CEOs break silence on Trump trade war

US President Donald Trump. (REUTERS)
US President Donald Trump. (REUTERS)

Summary

For weeks, business leaders have avoided voicing concerns about tariffs. Some executives are getting more vocal.

The reality of a global trade war is starting to push corporate bosses to do what they tried for months to avoid: criticize President Trump’s policies.

In the days after Trump announced the sweeping levies last week, chief executives stuck to privately channeling their frustrations to trade groups and lobbyists. Some hastily arranged new meetings on trade with Trump officials, sometimes receiving unsatisfying answers, executives and corporate advisers say.

Now, after a three-day market selloff and warnings from Wall Street titans such as Bill Ackman and Jamie Dimon, more business leaders are openly voicing concern.

“Tariff is not a beautiful word. I disagree with that—we are in a global economy," said Bahram Akradi, CEO of the high-end fitness chain Life Time Group Holdings, in an interview Monday.

“This cannot stay," he added. “You cannot apply this type of gridlock and this much friction to the world’s trade."

The CEO of Ethan Allen, which manufactures 75% of its furniture across North America, also suggested the president retreat from the broad tariff offensive he unveiled in the White House Rose Garden last week.

“There’s nothing wrong in coming down—it’s not a failure," said Farooq Kathwari, CEO of the Danbury, Conn.-based furniture maker. A mountain climber, Kathwari compared the rollout of the tariff policies to an ascent up a steep cliff. “If you go too fast, you can get water in your lungs."

More CEOS will be pressed in calls with investors this week to divulge how Trump’s tariffs could affect their companies’ operations and bottom lines as earnings season starts. Walmart executives face shareholders at an investor day Wednesday, while Delta Air Lines reports earnings the same day. Wells Fargo presents its results Friday, followed by other big banks next week.
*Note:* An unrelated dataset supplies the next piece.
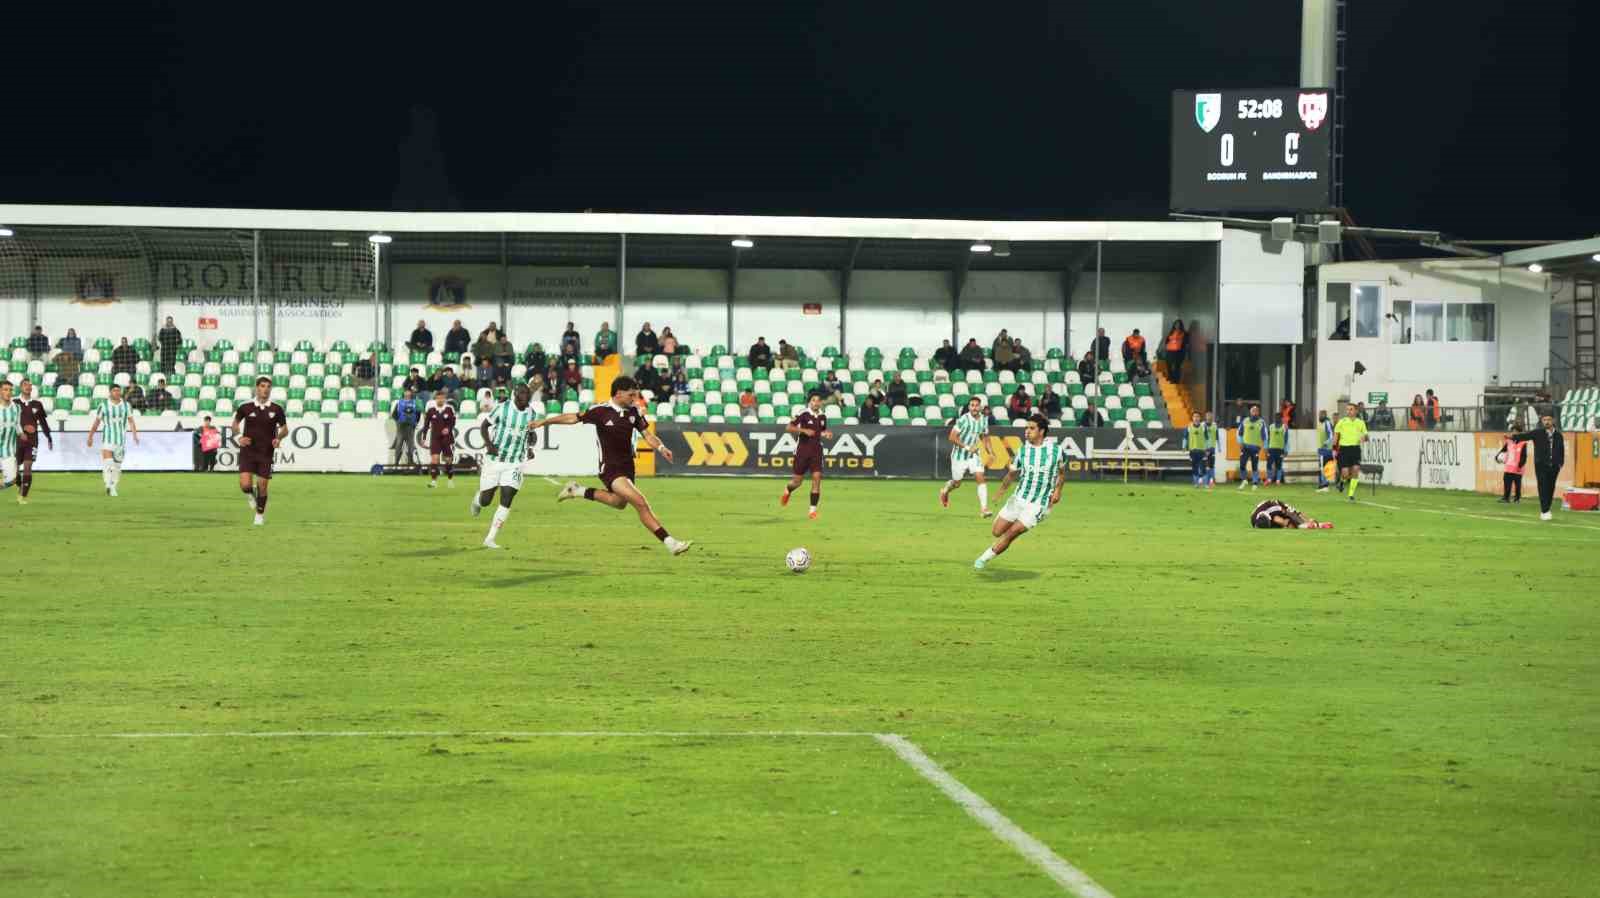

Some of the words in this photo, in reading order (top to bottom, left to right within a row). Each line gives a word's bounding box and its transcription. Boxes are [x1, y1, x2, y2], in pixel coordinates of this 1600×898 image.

Some of the first leaders to speak out have been vocal Trump supporters. Ackman, the billionaire hedge-fund manager behind Pershing Square, called for a 90-day pause in the tariffs to negotiate with other countries, warning that the alternative was “a self-induced, economic nuclear winter."

“We are in the process of destroying confidence in our country as a trading partner, as a place to do business, and as a market to invest capital," Ackman wrote in a social-media post on X over the weekend.

Bill Ackman called for a 90-day pause in the tariffs to negotiate with other countries.

Ryan Cohen, the Trump-supporting CEO of the videogame retailer GameStop, posted on X last week that the tariffs “are turning me into a dem."

A day later, he quipped: “I can’t wait for my $10,000 made in the USA iPhone." GameStop has already taken a hit: Nintendo said it would indefinitely halt U.S. preorders of the Nintendo Switch 2 because of new planned tariffs.

Even Elon Musk, one of Trump’s most influential advisers, took a swipe at the White House’s trade agenda. On Monday, the billionaire posted a well-known video of economist Milton Friedman touting free trade by explaining how the component parts of a pencil require complex supply chains.

Trump is vowing to stick to the tariff plans, calling them on Truth Social this week “a beautiful thing to behold" that would reap economic prosperity. When asked Monday whether the tariffs are permanent or up for negotiation, Trump said: “They can both be true."

One reason corporate leaders have been reluctant to speak out is because many feared retribution from the Trump administration, said Jeffrey Sonnenfeld, a professor at the Yale School of Management. Over the past month, the administration has targeted several prominent law firms with ties to the president’s political and legal adversaries with punitive executive orders. It has also called on federal agencies to identify companies and other entities for potential probes into their diversity practices.

Since last week, Sonnenfeld said he has heard from the frustrated CEOs of several major public companies that trade groups should more forcefully oppose the tariffs or front collective statements from their big-company members.

Individually, “they don’t want to be the lightning rod," Sonnenfeld said. “Then it becomes personalized to them."

Life Time’s Akradi said he hoped officials would strike deals with countries to lower tariffs worldwide: “If they could prove that out and get some wins that way, it would be actually good for everyone. If they don’t, then I believe this last move will prove to be nuclearly bad."

Tariffs could also spook already cautious consumers, warned Kathwari, the Ethan Allen CEO. Kathwari said he applauded efforts to bring manufacturing back to the U.S. But he questioned the way the tariffs had been implemented.

“Change is important. It was needed. The issue always is: How fast, how much?" he said. “They’ve gone up too far. The president needed to shock people, which he has done, and make changes, because without a shock, changes don’t take place. So I think there’ll be some balancing."

Other executives are following a circumspect approach. Bruce Champeau, chief executive of furniture chain Room & Board, said he has largely avoided talking about tariffs publicly because there are so many unknowns.

“We’ll see how it plays out," he said. “It remains to be seen whether or not this proves to be, ultimately, what President Trump and his administration is looking to achieve."